Babs surgió tras él, con la sonrisa más grande que Kyla había visto en su vida.
– He pensado que te gustaría ocuparte en persona de este cliente.
Los ojos de Kyla parecían querer asesinar a su amiga. La tarde del domingo había sido una tortura. Habían cenado en la mesa de picnic del jardín trasero, debajo de los árboles. La pintura de la mesa estaba levantada porque ese mueble llevaba en el jardín desde siempre. De niñas, Babs y ella la tapaban con mantas para hacerse debajo una «tienda».
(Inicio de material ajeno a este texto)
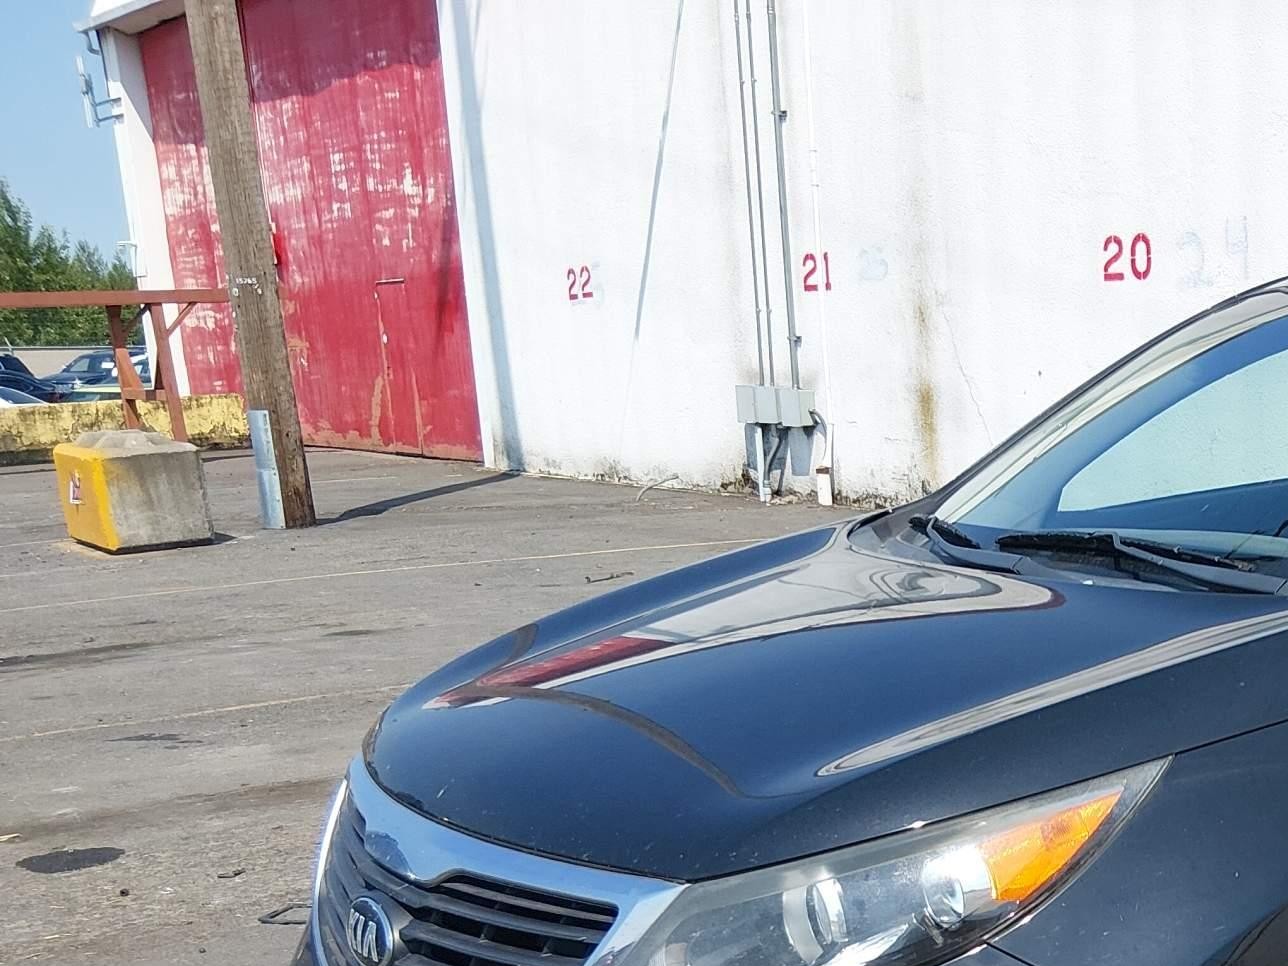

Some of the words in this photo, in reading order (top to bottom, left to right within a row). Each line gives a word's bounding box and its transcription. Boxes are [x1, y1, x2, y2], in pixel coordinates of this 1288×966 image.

[803, 252, 831, 291] 21
[1103, 233, 1151, 281] 20
[567, 265, 593, 300] 22
– ¿Es que no nos vas a contar nada? -había preguntado Babs con la boca llena.
– No hay nada que contar -había respondido Kyla-. Y ¿queréis hacer el favor de dejar de mirarme los tres? No me va a crecer la nariz como si fuera Pinocho.
– Puedes estar mintiendo por omisión -sermoneó Babs-. No es muy deportivo por tu parte dejarnos in albis.
Kyla dejó el cuchillo en el plato, contó hasta diez sin apartar la vista de él y luego levantó la cabeza.
– De acuerdo. Me llevó al bosque, aparcamos, me arrancó la ropa e hicimos el amor desenfrenadamente y con pasión en el asiento trasero. Éramos como animales en celo, nos consumía la lujuria.
Cuando terminó, ella era la única que sonreía.
– No tiene gracia -dijo Meg severamente-. Llevamos meses diciéndote que eres demasiado joven para quedarte encerrada, que debes seguir viviendo. Te hemos estado animando a que salgas con chicos, y el señor Rule es el primero del que no has salido huyendo. Simplemente, estamos contentos por ti.